Data to process ▸
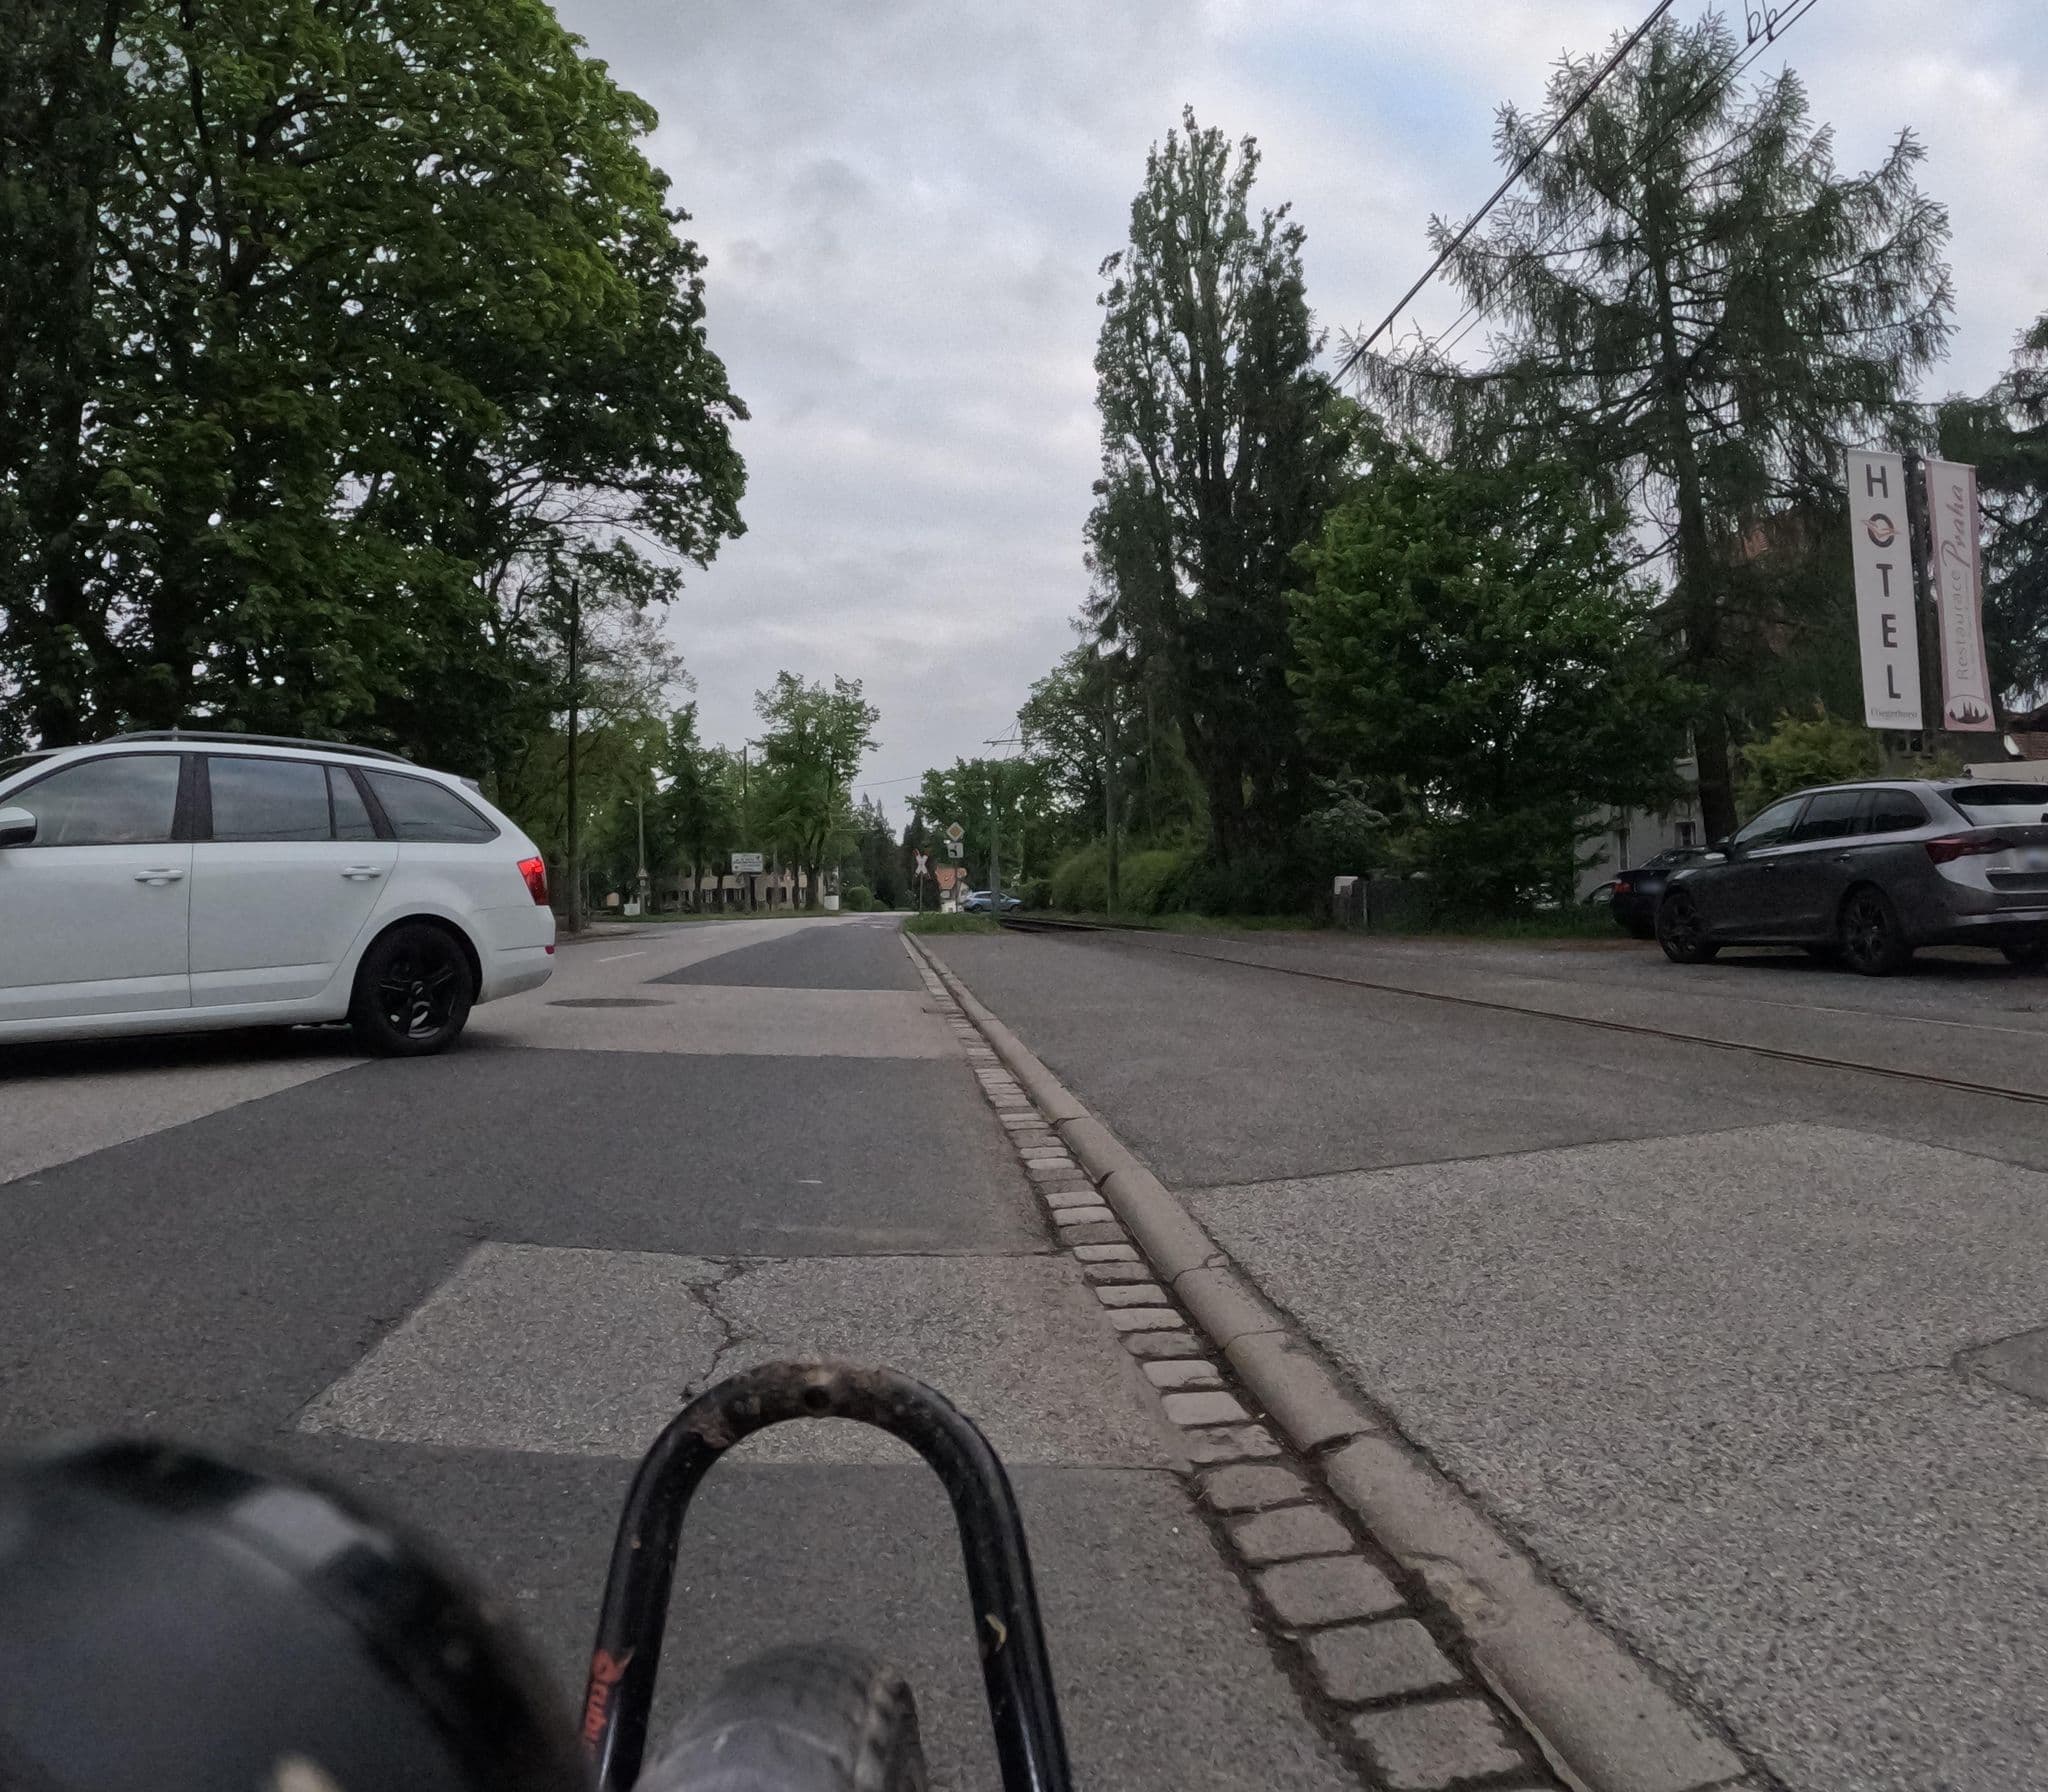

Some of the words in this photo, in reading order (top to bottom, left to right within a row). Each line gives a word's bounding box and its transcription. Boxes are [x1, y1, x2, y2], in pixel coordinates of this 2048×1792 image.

[1865, 463, 1902, 700] HOTEL
[1941, 484, 1971, 569] Praha
[1950, 571, 1969, 681] Restaurace
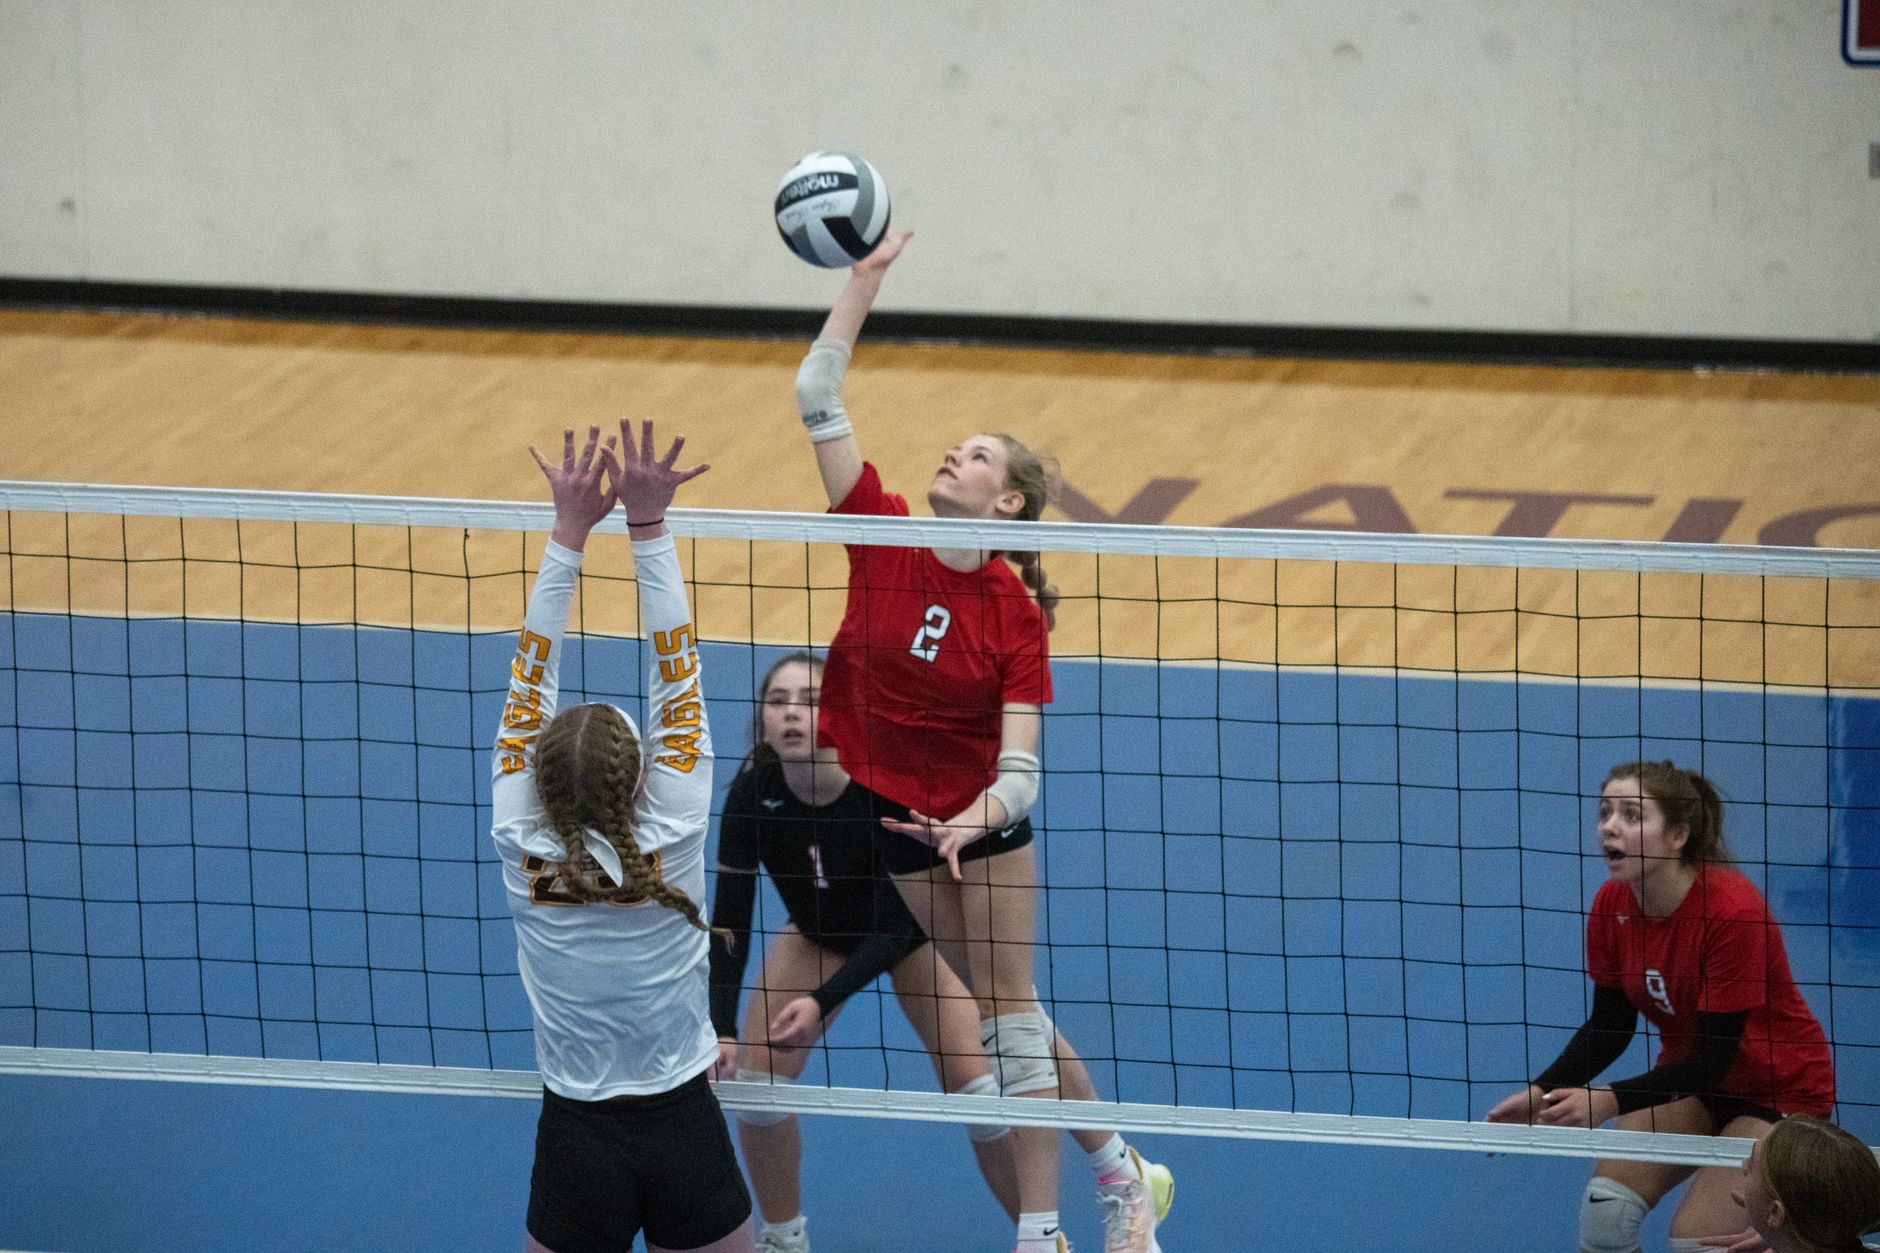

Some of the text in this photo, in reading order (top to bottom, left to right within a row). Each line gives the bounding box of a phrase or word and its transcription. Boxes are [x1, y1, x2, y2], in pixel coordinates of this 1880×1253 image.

Exercise prompt ▸
When you copy the entries, keep every word exactly as it stands and drop any pictures.

Answer box ▸
Some of the words in this photo, in reading order (top to bottom, left to right within a row). Each line gives a word's bounding box and its transcription. Boxes are [x1, y1, x2, y2], in pixel coordinates of this 2048×1792 image.

[1865, 463, 1902, 700] HOTEL
[1941, 484, 1971, 569] Praha
[1950, 571, 1969, 681] Restaurace

Some of the text in this photo, in reading order (top to bottom, left to right within a row). Each line gives the bounding box of a phrase or word and its transcription. Boxes are [x1, y1, x2, y2], in pixel coordinates of this 1880×1253 image.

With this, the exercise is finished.